If you have 1000 characters, and 10% of them are bad apples, or villains, that means 100 are bad. But a whopping 900 can be looked up to and accepted in the conventional way. This would be the majority who seem to be represented 99% of the time.
But if you 10% bad apples in a pool of 100 characters, that means 10 of them are bad, and only 90 will generally be beloved and looked up to, and feel representative of some groups.
This is the same issue that is encountered during the "kill your LGBTQs" trope. If a story only has 2 LGBTQ characters, if 1 is bad, 50% of the LGBTQ characters are bad in the story. Mathematically, it just doesn't look good. 
I always felt it was a valid concern. It's difficult not to notice and sticks out like a sore thumb to me when I see it, but that's not to say I always have a problem with it. I don't think writers should have to be representative.
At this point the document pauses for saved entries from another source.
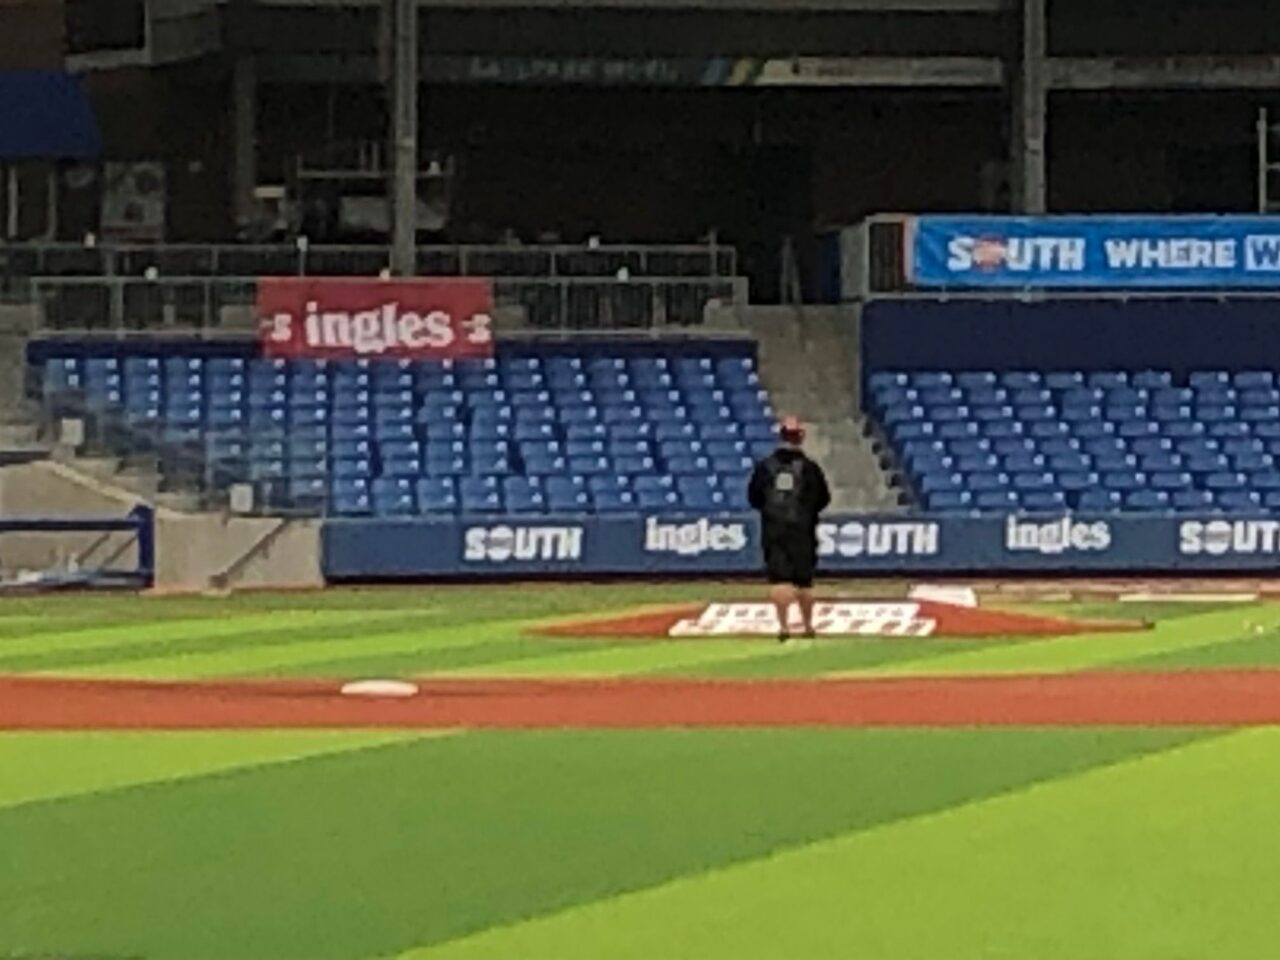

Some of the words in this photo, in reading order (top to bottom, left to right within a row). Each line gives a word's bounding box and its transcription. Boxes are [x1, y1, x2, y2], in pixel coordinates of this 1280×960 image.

[947, 234, 1086, 272] SOUTH
[1105, 239, 1237, 269] WHERE
[305, 301, 453, 354] ingles
[464, 526, 582, 561] SOUTH
[645, 517, 748, 555] ingles
[1006, 515, 1111, 553] ingles
It's up to consumers to decide if they want to bother consuming the story, and they can have whatever stipulations they want to explain why they didn't continue to consume, but there should be no demand of a writer on an individual level to adhere to demands for representation.
Even if it's done right right though, you can still get what I'd say is unreasonable backlash. As an example, the writer who made Crazy Rich Asians was writing about his actual experience. Despite not indicating that "only asians are like this when they're rich", it still got backlash because several asians were shown in a bad light, even though no one said it was asian-specific (far as I know. I can see why some people would see it that way though since it's called Crazy Rich Asians and not Crazy Rich People).